Witam,
W tym roku odeszło już dwoje ministrów finansów, w tym słynny Marian Banaś. Ale czytam, że to nie koniec. "Dyrektor Departamentu Polityki Makroekonomicznej Sławomir Dudek oraz szef Departamentu Długu Publicznego Robert Zima odchodzą z resortu finansów."
Mówi się też o: Rozmowę z premierem przeprowadził wiceminister Tomasz Robaczyński i również złożył dymisję. Razem z nim rezygnację złożył wiceminister Leszek Skiba
Dodajmy do tego jeszcze mafię VATowską w MinFinie i zawirowania z Banasiem.

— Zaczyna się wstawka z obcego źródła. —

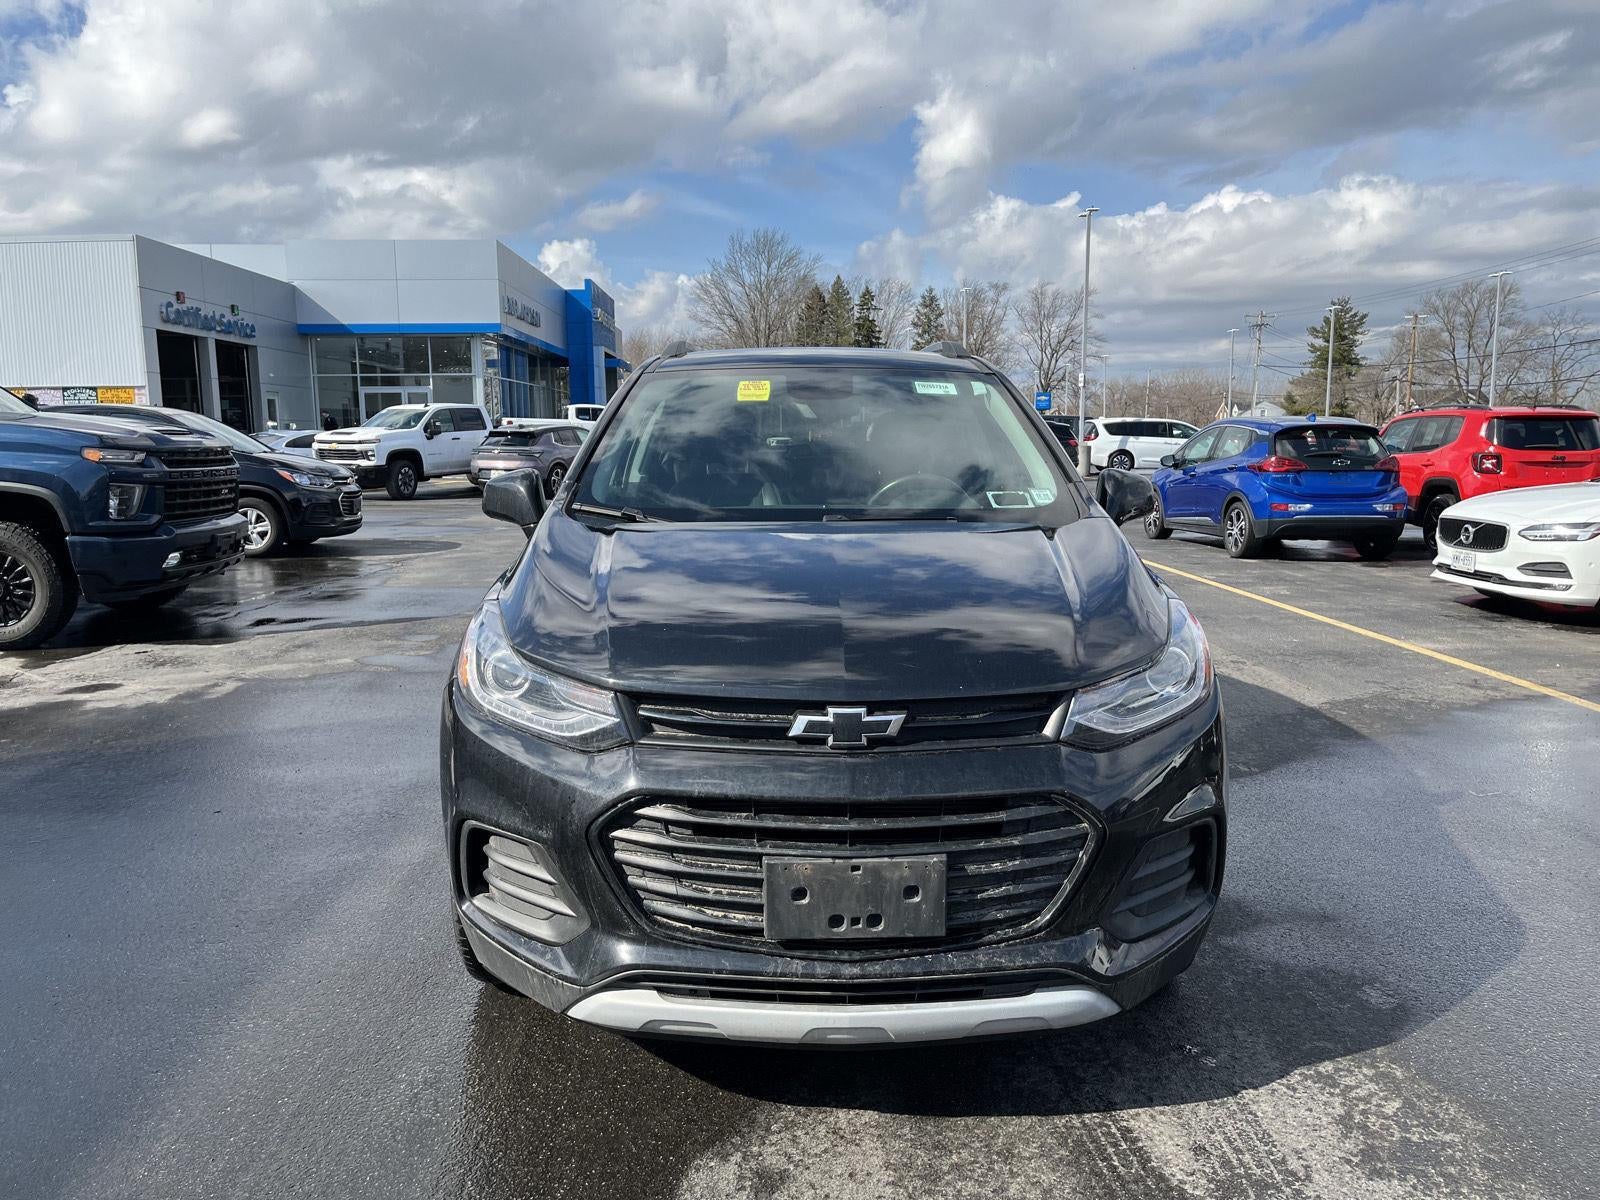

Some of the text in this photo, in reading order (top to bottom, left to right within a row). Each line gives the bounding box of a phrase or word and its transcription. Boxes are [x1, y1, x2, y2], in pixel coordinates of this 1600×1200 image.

[162, 301, 256, 338] Certified Service
[63, 387, 97, 397] REGISTERED
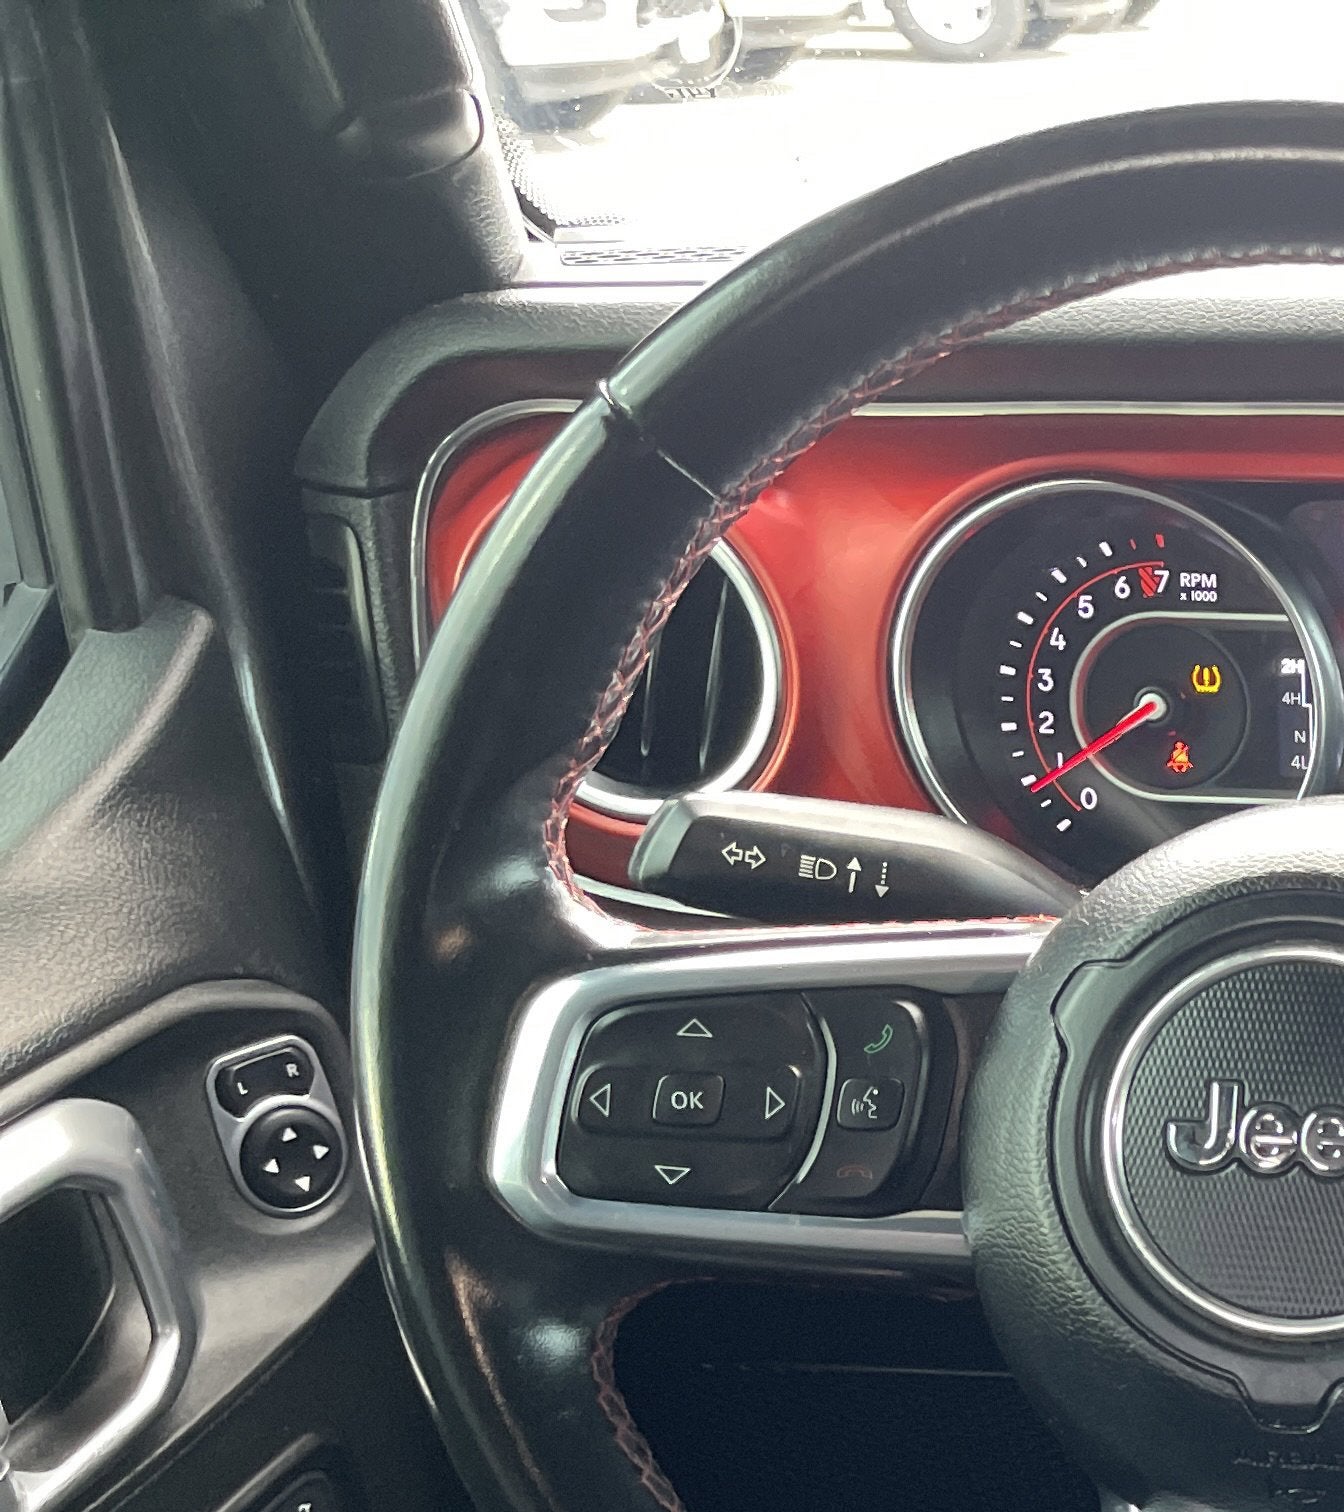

Wszystko to w trakcie tego, że i tak stary rząd odchodzi no i w trakcie podawania informacji o doskonałych wynikach budżetu.
Coś tu nie gra, nie? Nie, żebym miał dobre zdanie o urzędnikach ministerstwa ale jednak coś jest nie tak.
A może boją się .... Banasia jako szefa NIK? :)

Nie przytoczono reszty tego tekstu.